[Free-text object descriptions]
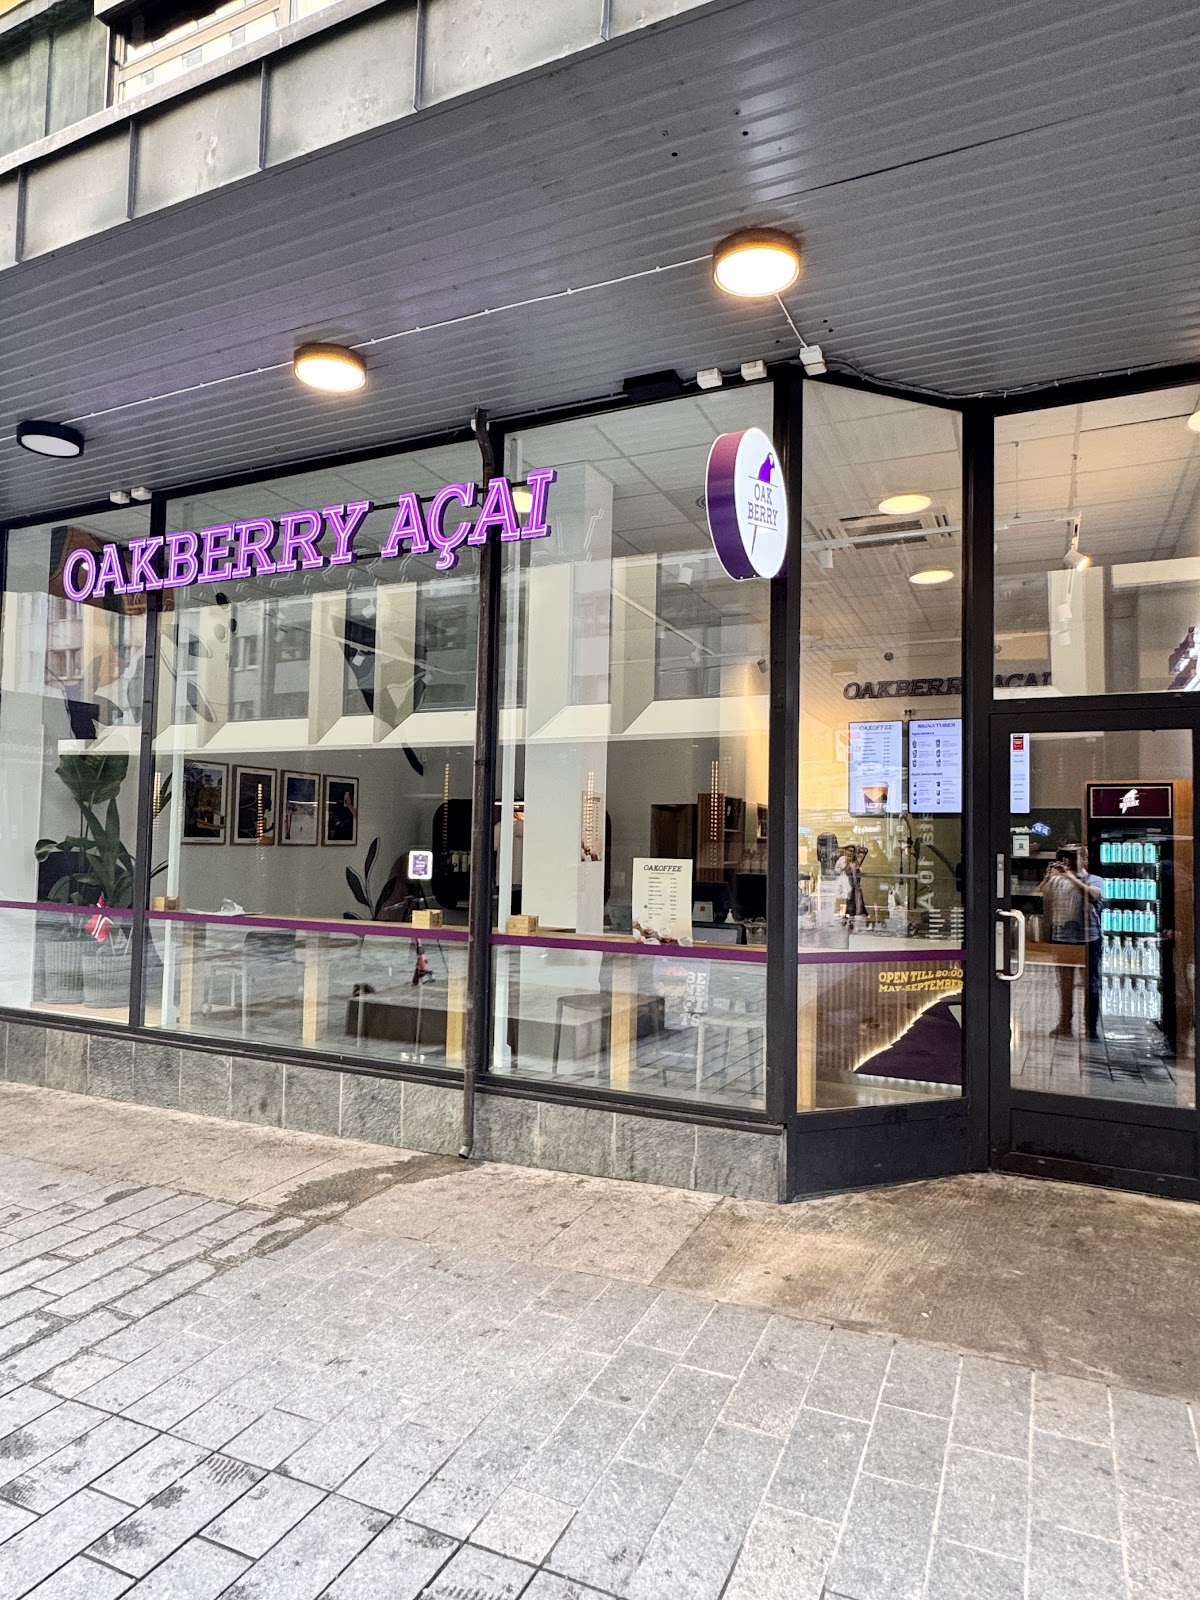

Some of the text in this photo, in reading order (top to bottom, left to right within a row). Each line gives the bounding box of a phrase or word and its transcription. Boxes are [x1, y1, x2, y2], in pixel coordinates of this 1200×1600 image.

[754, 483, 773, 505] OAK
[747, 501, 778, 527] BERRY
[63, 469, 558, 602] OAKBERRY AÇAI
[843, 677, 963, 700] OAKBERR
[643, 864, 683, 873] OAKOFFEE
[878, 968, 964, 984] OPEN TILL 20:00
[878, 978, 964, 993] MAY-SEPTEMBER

The task: A faithful, word-for-word copy of the records above, pictures left out, is the answer.

Solution:
Some of the text in this photo, in reading order (top to bottom, left to right within a row). Each line gives the bounding box of a phrase or word and its transcription. Boxes are [x1, y1, x2, y2], in pixel coordinates of this 1200×1600 image.

[754, 483, 773, 505] OAK
[747, 501, 778, 527] BERRY
[63, 469, 558, 602] OAKBERRY AÇAI
[843, 677, 963, 700] OAKBERR
[643, 864, 683, 873] OAKOFFEE
[878, 968, 964, 984] OPEN TILL 20:00
[878, 978, 964, 993] MAY-SEPTEMBER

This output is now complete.